== To do ==
Would you transcribe the listing that follows, character for character, and omit its images?
******
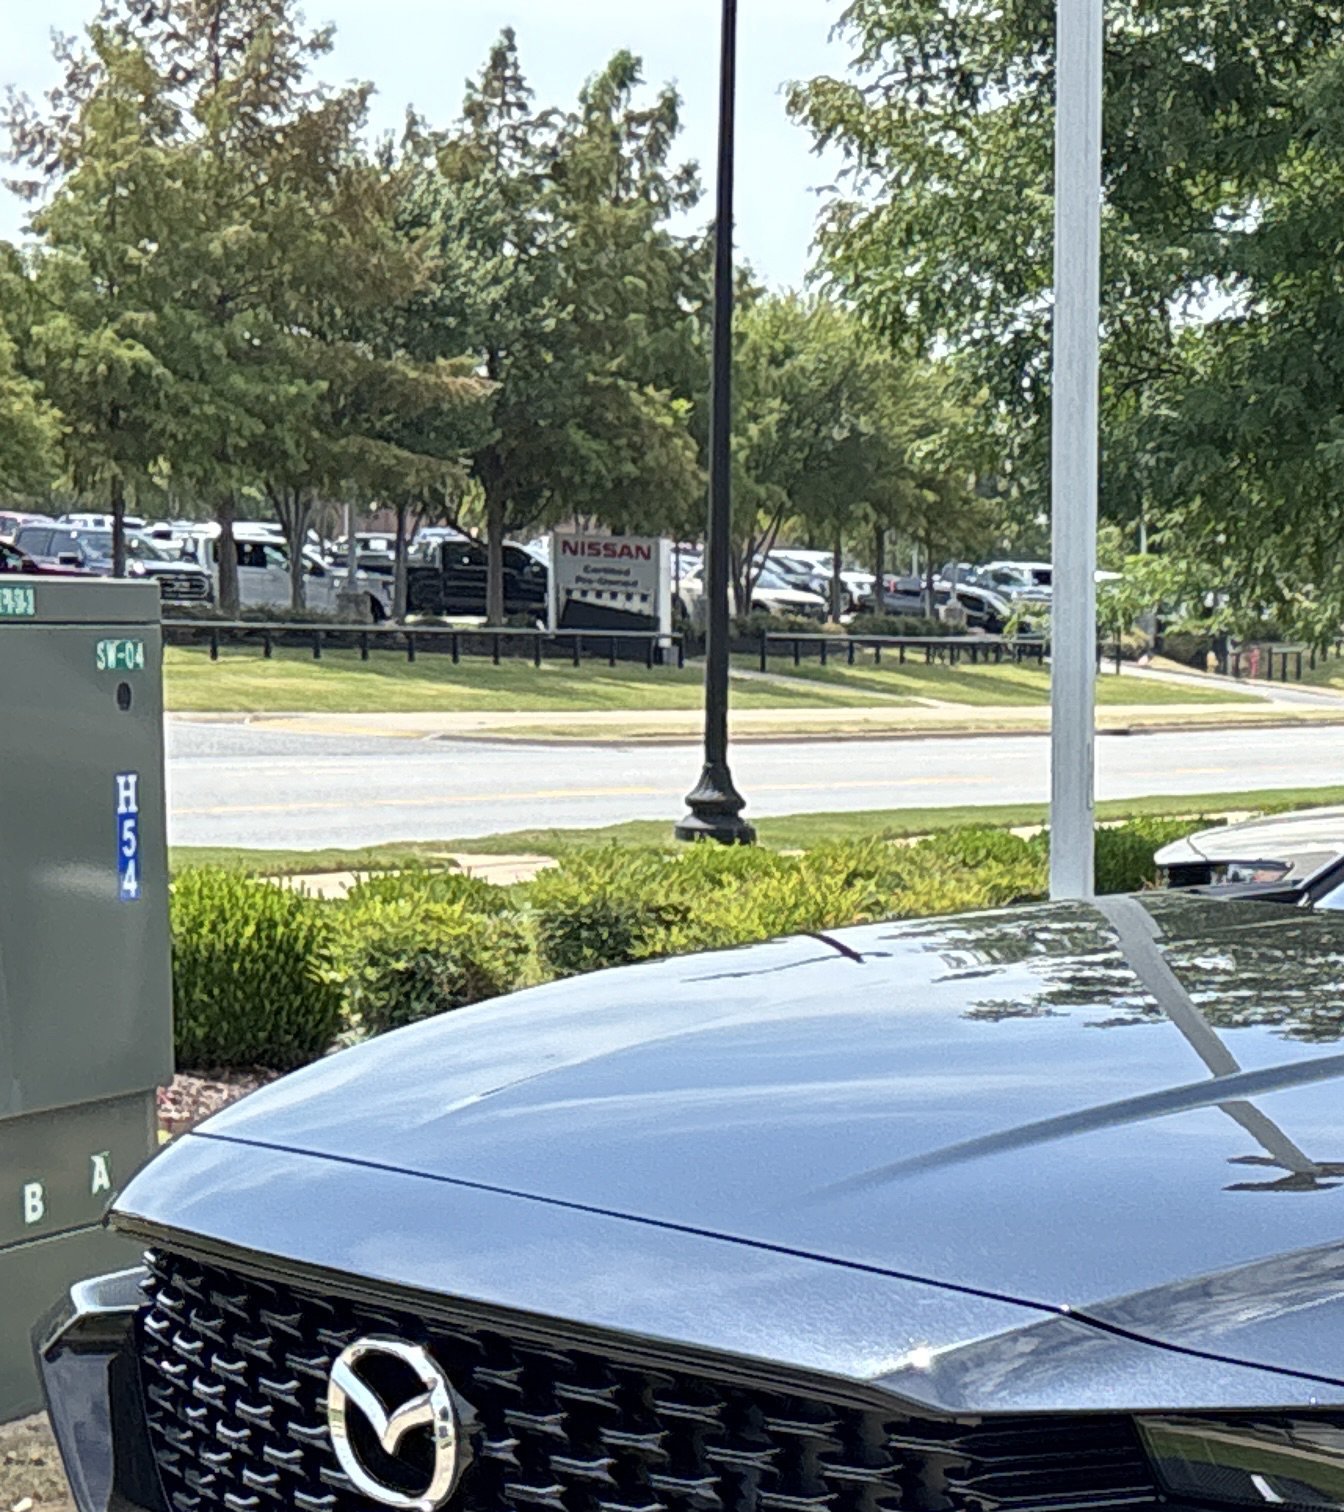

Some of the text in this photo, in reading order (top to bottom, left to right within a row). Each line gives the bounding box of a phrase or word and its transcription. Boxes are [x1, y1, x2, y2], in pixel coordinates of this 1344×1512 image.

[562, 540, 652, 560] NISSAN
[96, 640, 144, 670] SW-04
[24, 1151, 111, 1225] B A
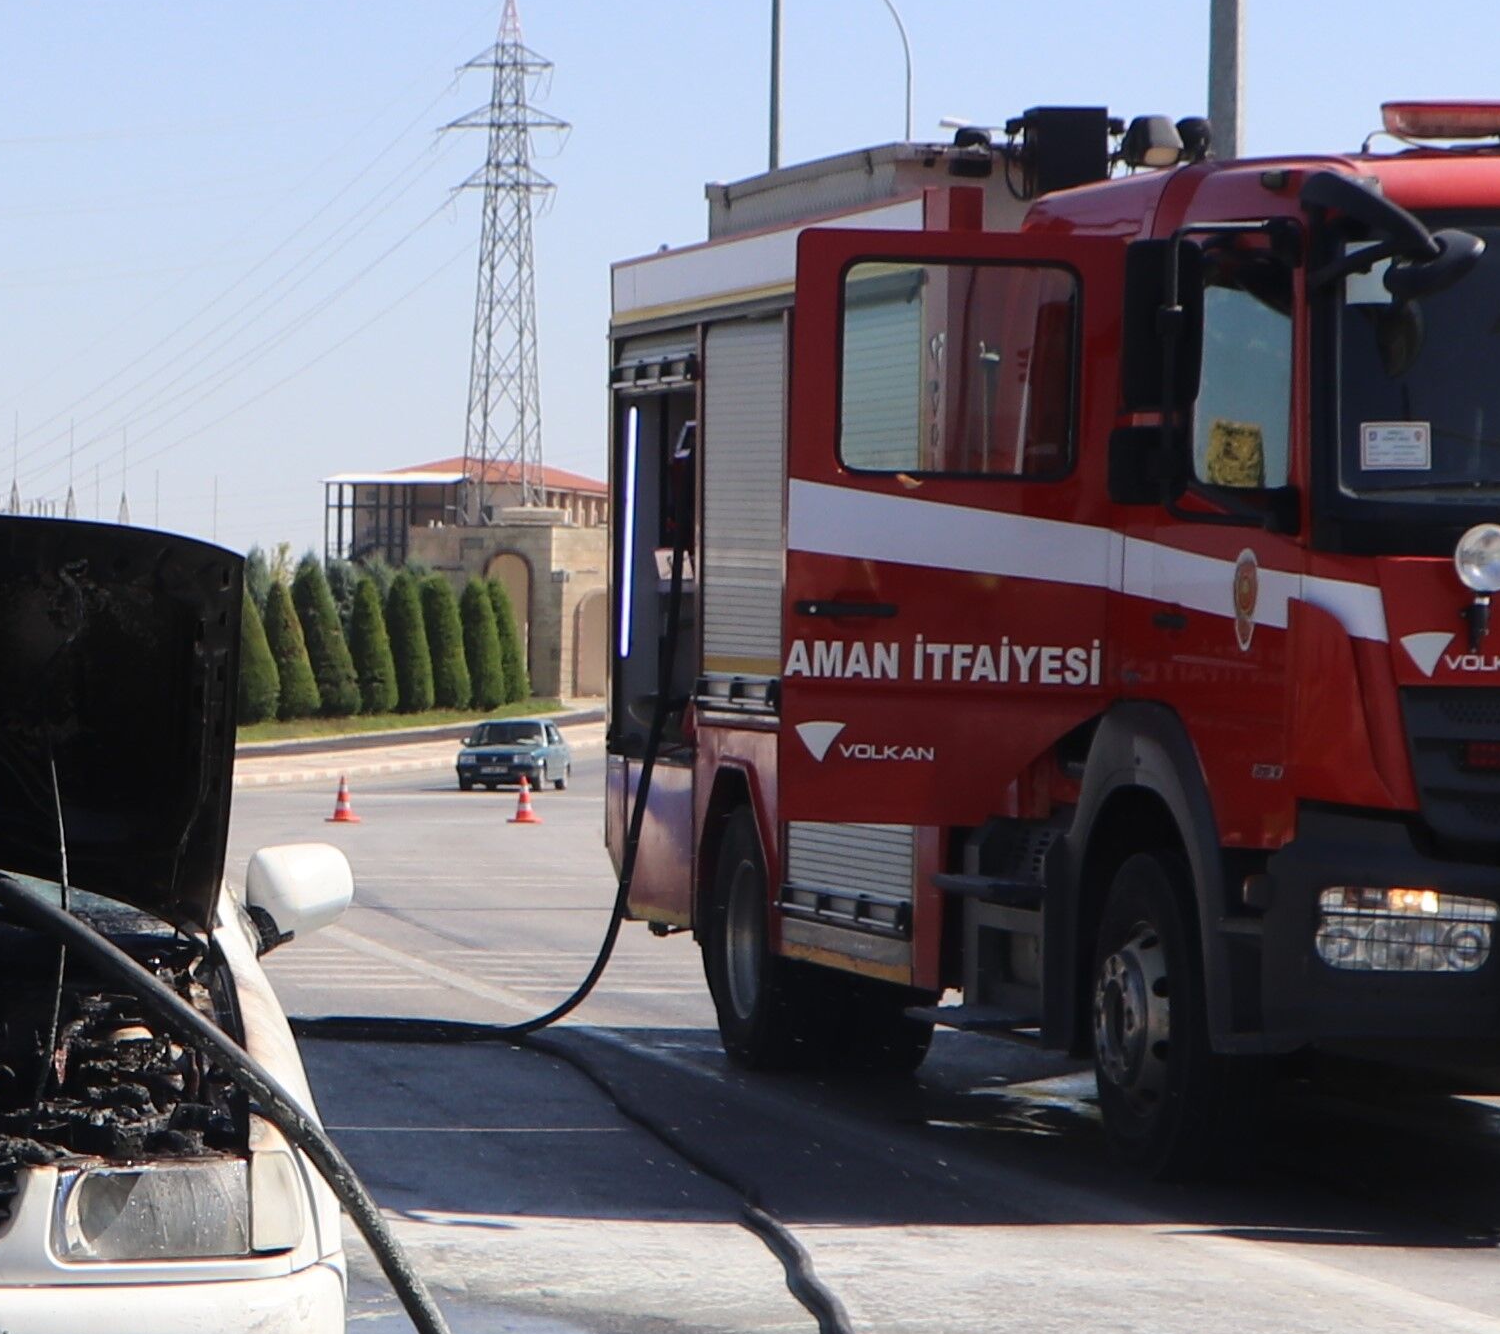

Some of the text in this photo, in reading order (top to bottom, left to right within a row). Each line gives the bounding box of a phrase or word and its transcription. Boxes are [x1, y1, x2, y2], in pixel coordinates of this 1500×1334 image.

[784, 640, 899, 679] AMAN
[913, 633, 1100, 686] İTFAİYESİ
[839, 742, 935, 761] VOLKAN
******
== Response to this exercise ==
Some of the text in this photo, in reading order (top to bottom, left to right within a row). Each line gives the bounding box of a phrase or word and its transcription. Boxes are [x1, y1, x2, y2], in pixel coordinates of this 1344×1512 image.

[562, 540, 652, 560] NISSAN
[96, 640, 144, 670] SW-04
[24, 1151, 111, 1225] B A

Some of the text in this photo, in reading order (top to bottom, left to right within a row). Each line gives the bounding box of a phrase or word and its transcription. Boxes are [x1, y1, x2, y2], in pixel coordinates of this 1500×1334 image.

[784, 640, 899, 679] AMAN
[913, 633, 1100, 686] İTFAİYESİ
[839, 742, 935, 761] VOLKAN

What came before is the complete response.